There was no explanation given for why the announcements couldn’t be made in one day, or why Sitharaman told reporters on the first day that they would have to wait until the very last announcement to get an accounting of how the government will be funding a Rs 20 lakh crore package.
After two days of announcements from the finance minister, it seems clear that the Rs 20 lakh crore number is essentially meaningless – a bit of narrative and mathematical jugglery that amounts to little.
For one, the number includes liquidity announcements already made by the independent Reserve Bank of India so. In an effort to ensure that firms have easy access to credit, the central bank has moved in a big way over the last month to provide cheap money for banks to borrow. Its operations alone account for nearly half of the Rs 20 lakh crore package that Modi referred to.
Few major economies would count central bank liquidity operations as part of their post-lockdown rebuilding packages, so including this fiture in Modi’s announcement was questionable from the start. Moreover, as business journalist Vivek Kaul has pointed out, little of this money is actually being used to shore up the economy. It has instead just been parked with the central bank.

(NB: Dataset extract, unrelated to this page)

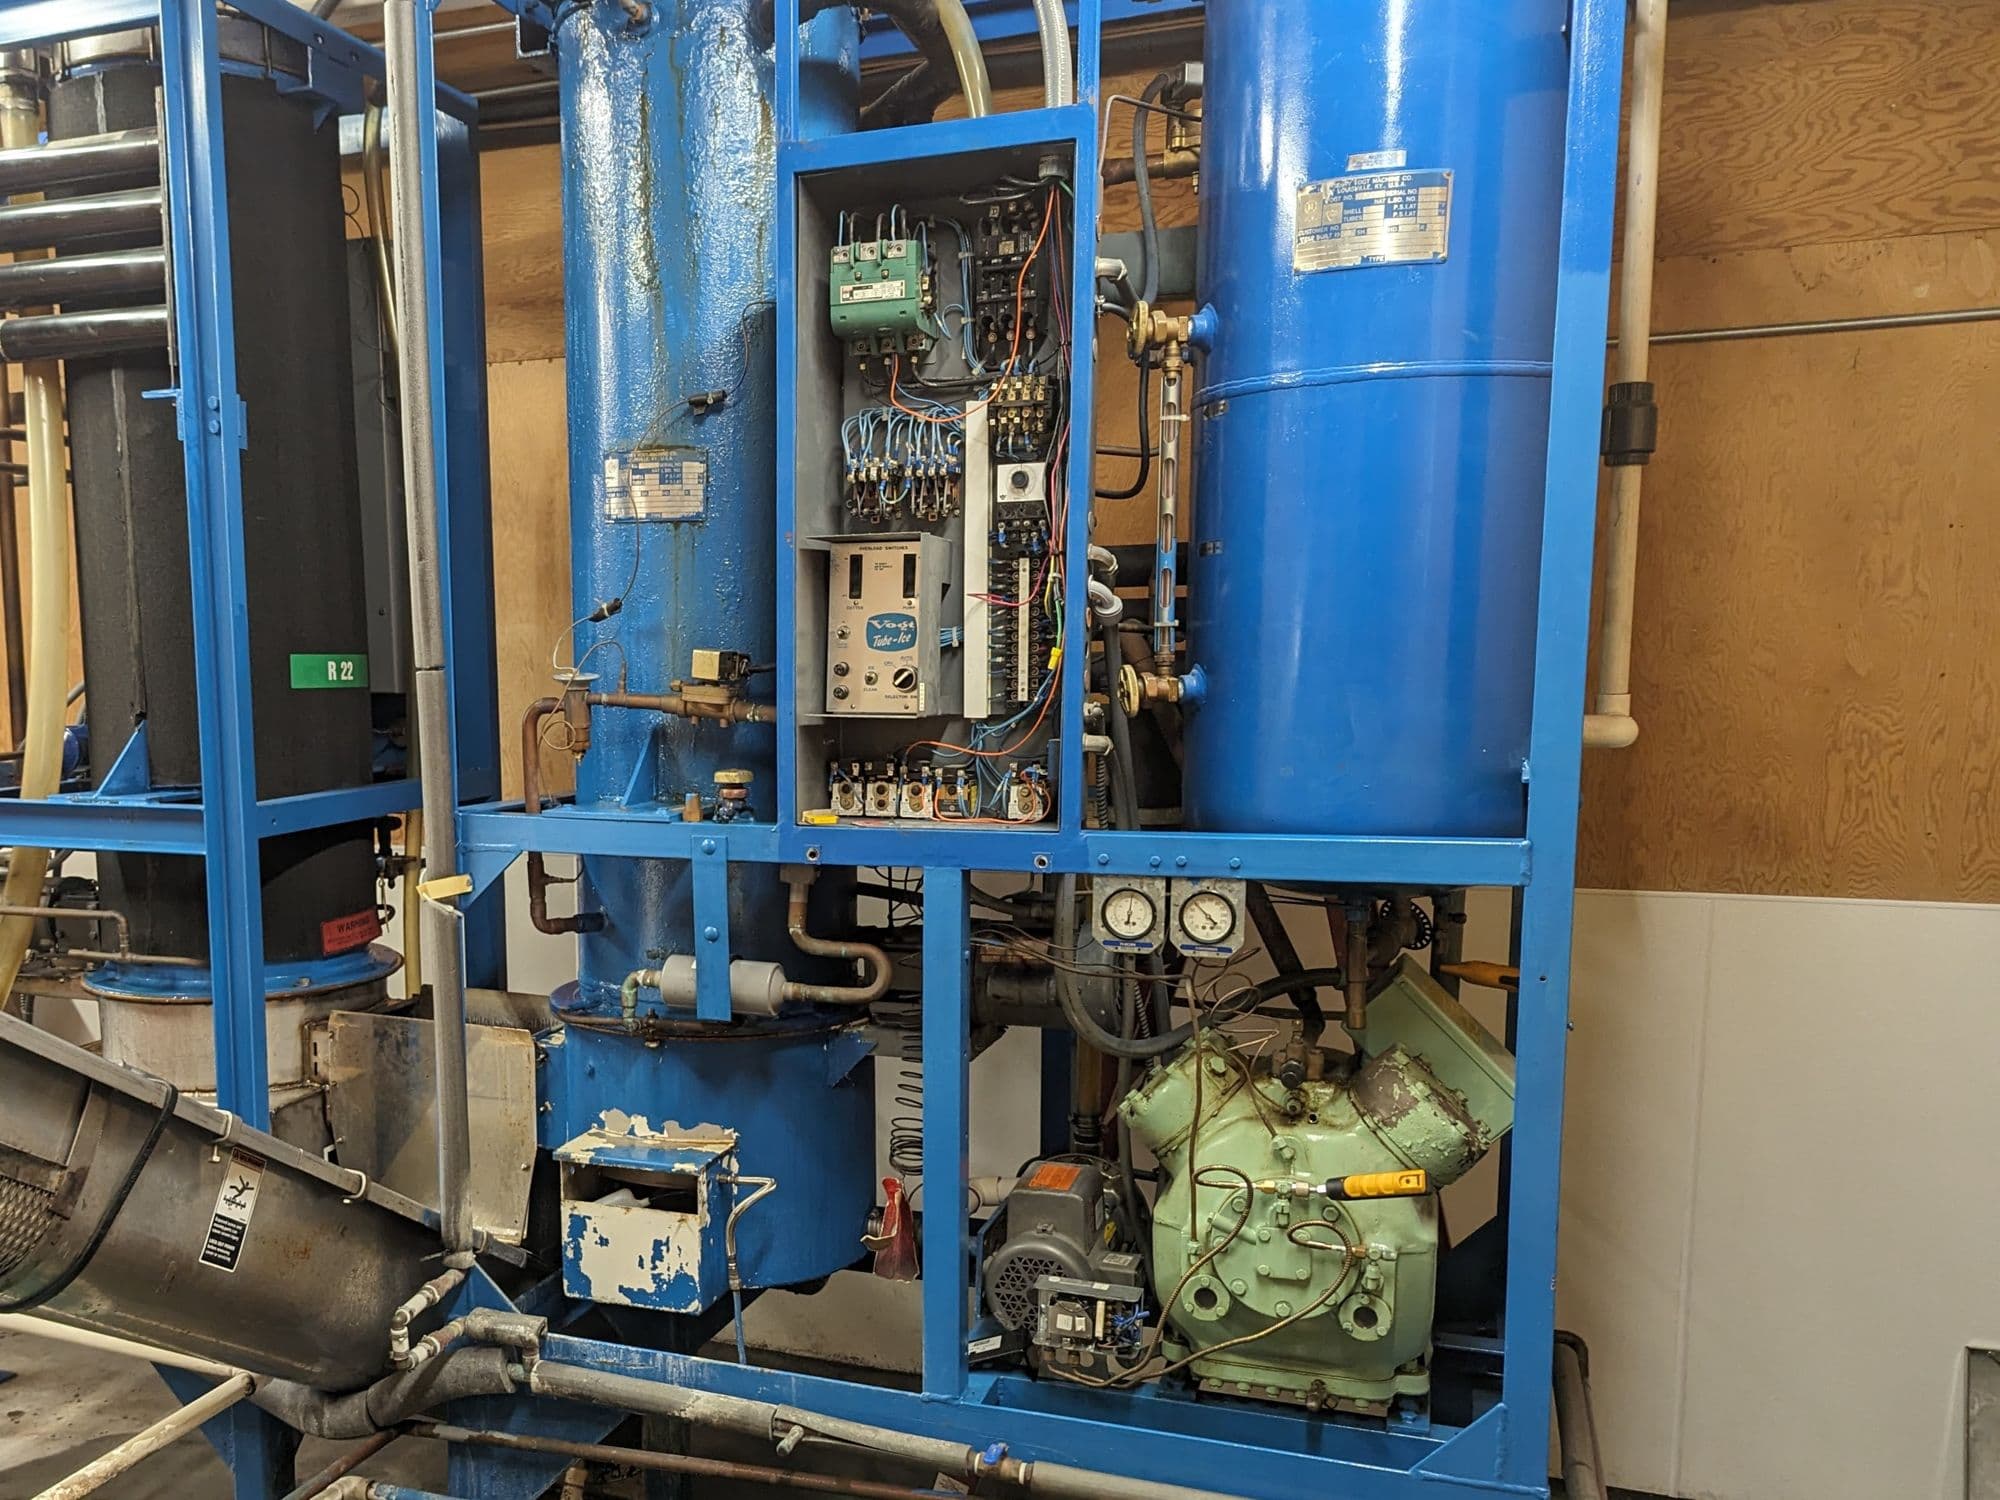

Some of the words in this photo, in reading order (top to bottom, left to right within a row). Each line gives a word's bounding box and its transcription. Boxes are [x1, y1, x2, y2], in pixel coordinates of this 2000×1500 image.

[868, 620, 915, 631] Vogt
[873, 632, 912, 648] Tube-Ice
[327, 660, 337, 681] R
[340, 660, 354, 681] 22

Technically, this brings down the package to Rs Rs 14.53 lakh crore .
Then there are the dodgy calculations.
Can deferring tax by a matter of months, as has happened with the discount on Tax Deducted at Source, be counted as part of a government package given that this does not actually lowering the tax rate? Can a reduction in the mandatory Provident Fund contribution rate – money that already belongs to you – be counted as government spending? If the government is offering a subsidy on interest rates for home loans, should the package calculations include only the amount the state spent on the subsidy or the figure that people are expected to spend on home loans?
After two days of announcements, the total amount of actual new spending by the government appears to be between Rs 40,000 and Rs 50,000 crore. That’s a tiny percentage of the stated Rs 20 lakh crore figure.

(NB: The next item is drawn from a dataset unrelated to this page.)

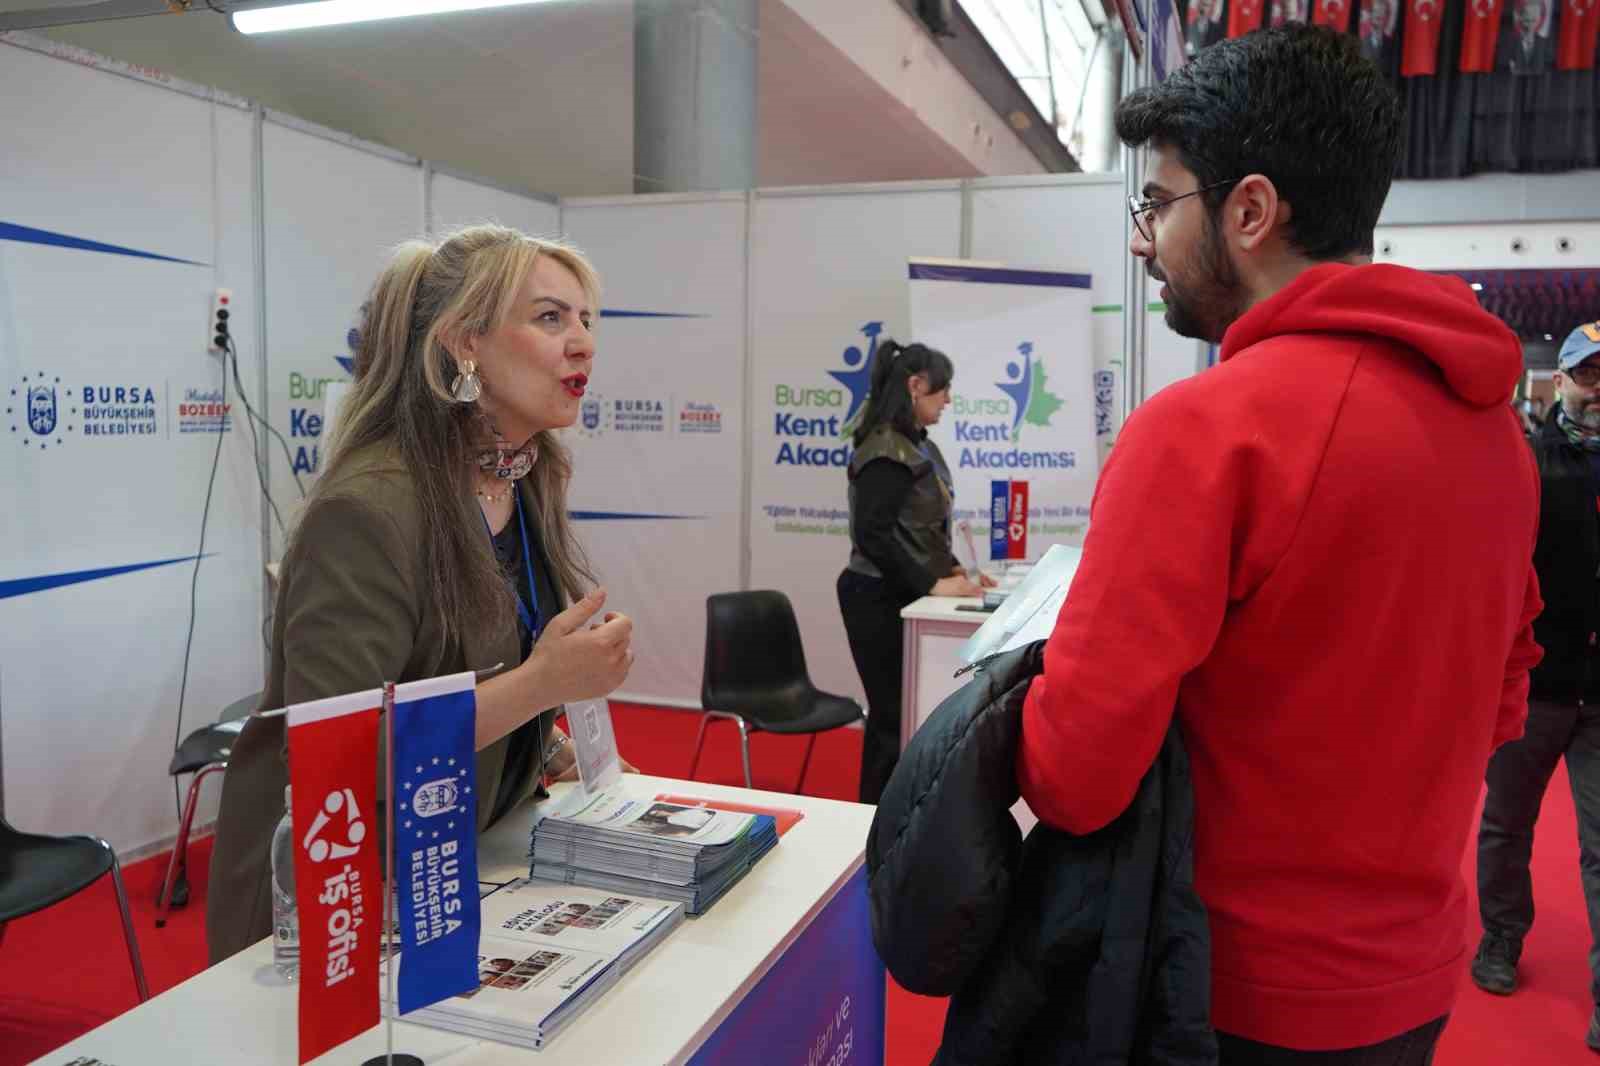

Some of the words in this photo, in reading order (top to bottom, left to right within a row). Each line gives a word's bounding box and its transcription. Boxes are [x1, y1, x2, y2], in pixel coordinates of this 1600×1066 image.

This might reduce the impact on the fiscal deficit (which was already in tatters before the Covid-19 crisis hit). But it also means that the government simply isn’t using the tools available to it to put money into people’s hands.

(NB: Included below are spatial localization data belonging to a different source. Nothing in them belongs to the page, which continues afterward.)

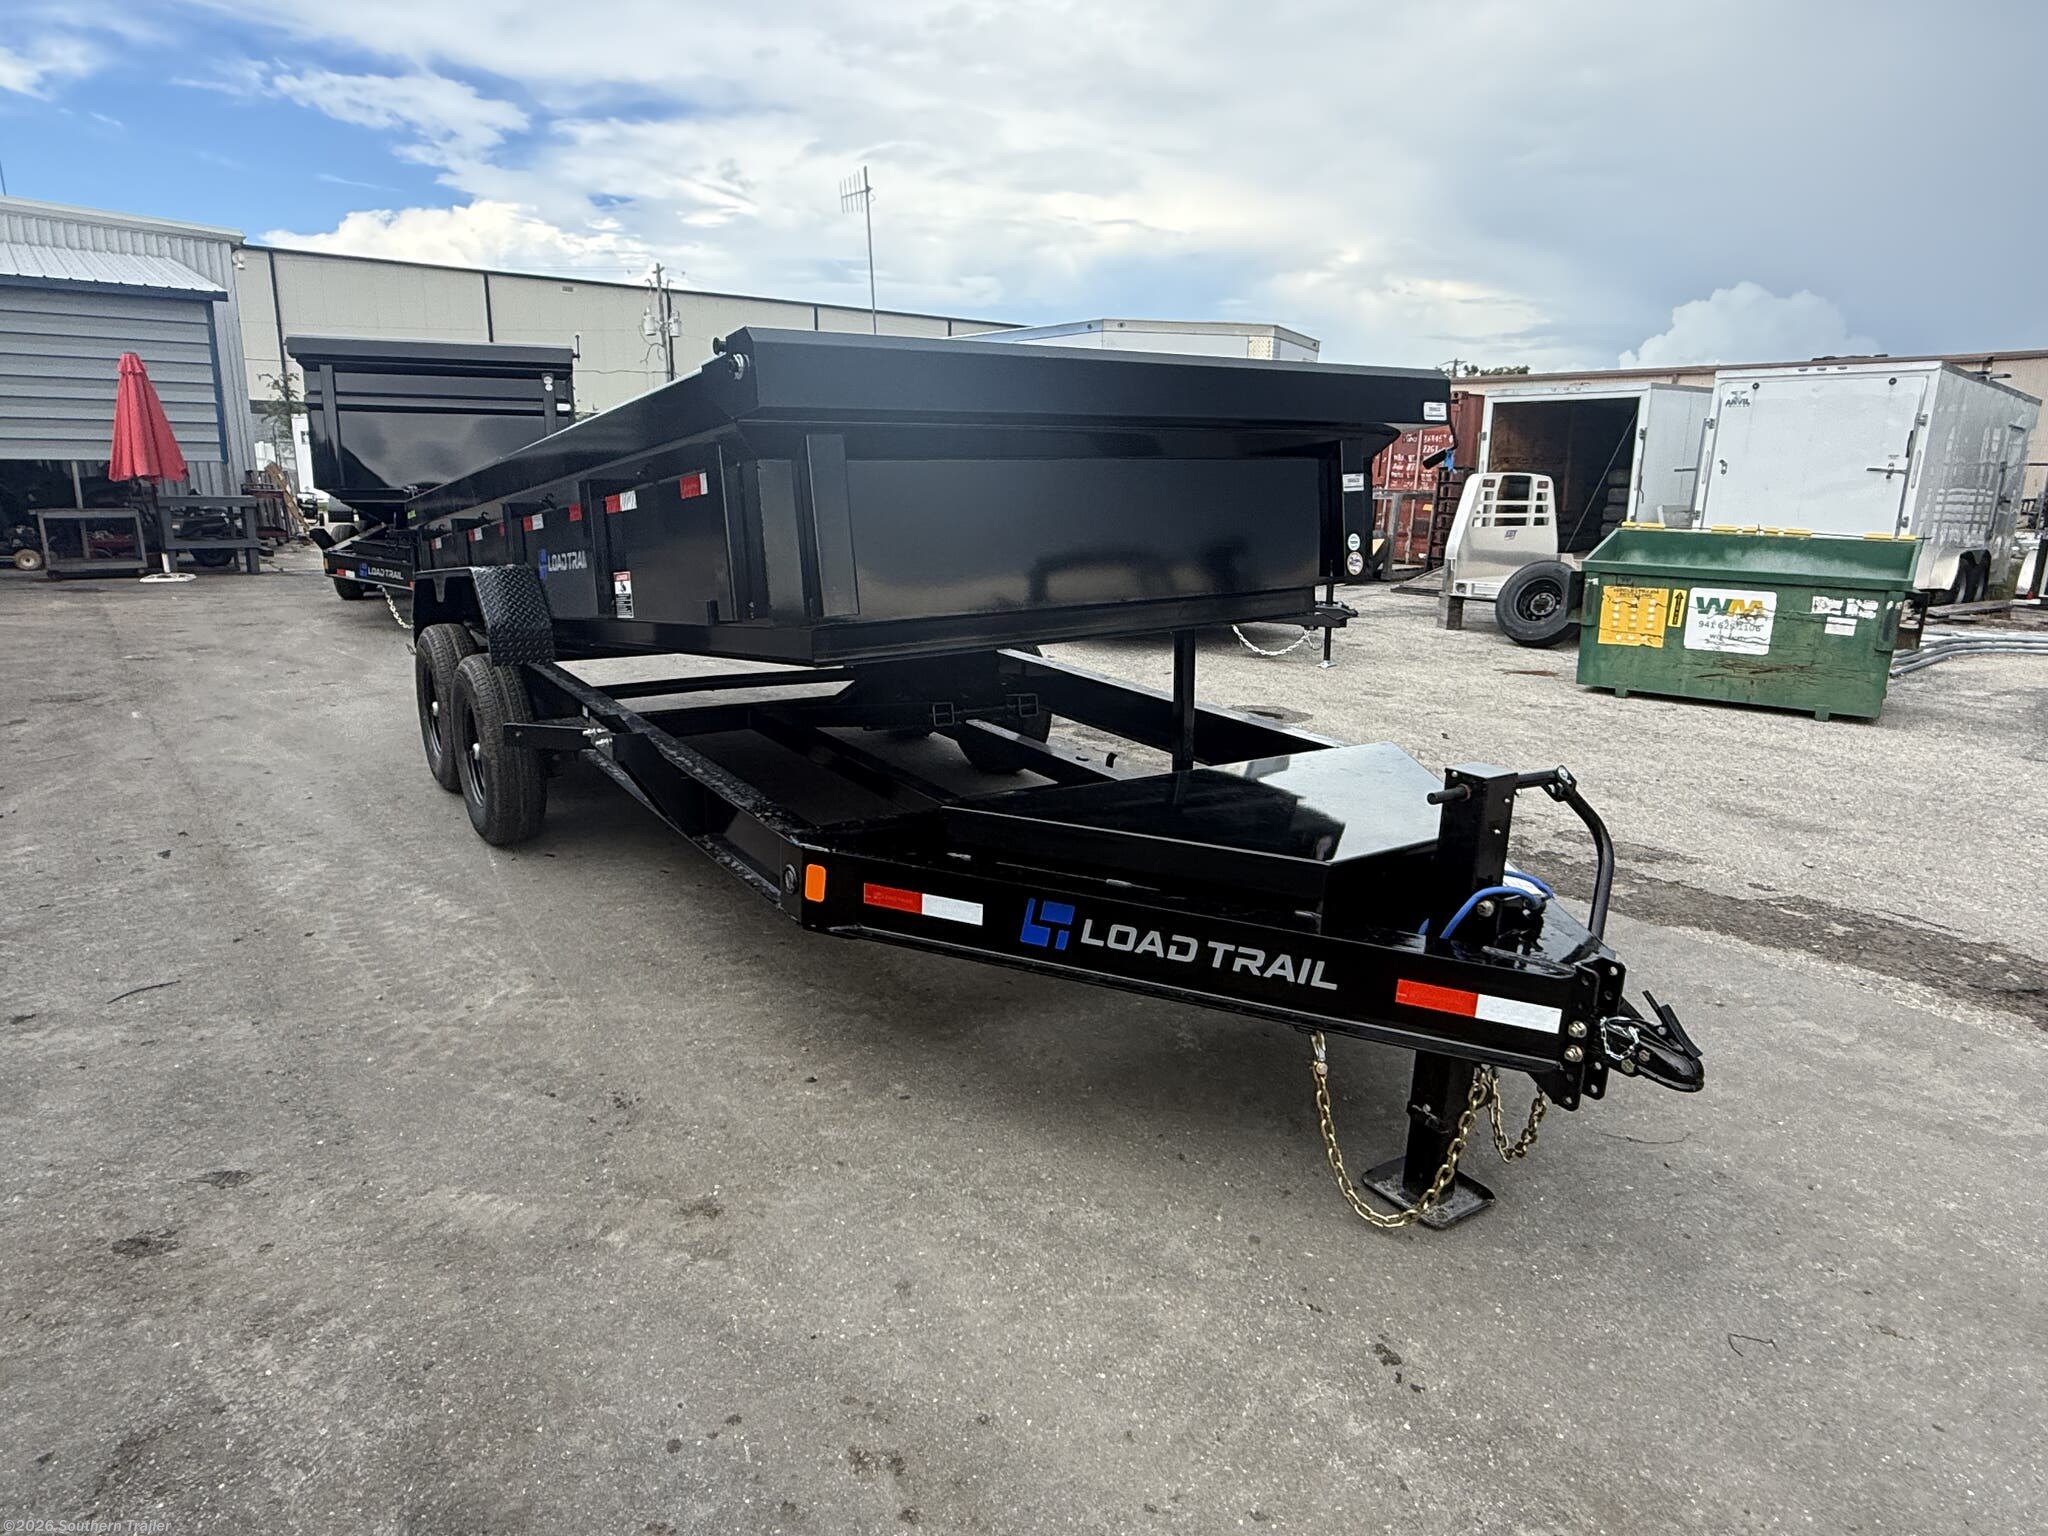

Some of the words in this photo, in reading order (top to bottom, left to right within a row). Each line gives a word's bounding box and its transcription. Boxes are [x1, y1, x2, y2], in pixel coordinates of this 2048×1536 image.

[547, 553, 567, 572] LOAD
[367, 567, 385, 577] LOAD
[385, 569, 404, 580] TRAIL
[1696, 597, 1764, 617] WM
[1698, 620, 1715, 629] 941
[1081, 919, 1199, 963] LOAD
[1207, 941, 1338, 991] TRAIL

Loans, liquidity and credit guarantees are useful, as is a much belated decision to offer food rations to those who don’t have ration cards. But will they be enough to lift the Indian economy out of this crisis? Or do they simply push government spending down the road, forcing the state to pick up the pieces if a lack of demand ends up pushing individuals and firms into insolvency?
When Modi announced the Rs 20 lakh crore package, it seemed as if he was disagreeing against those in his government who have argued against “free lunches”. Instead, he gave the hope that the government would announce big measures that offer cash transfers, income support and fiscal stimulus of the sort that even hawkish economists are now calling for. Many analysts have even drawn out ways in which the government can find the funds to pay for such crucial initiatives.
But the details suggest more of the same approach to economics that drove India into the ditch before Covid-19.
Sitharaman, who is slated to make more announcements as well as explain how the government will pay for its package, may yet announce something major on the spending side to boost demand.
So far, however, it seems evident that the government has privileged narrative – 20 lakh crore at 20:20 for 2020 – over a genuine effort to lift India out of the mess.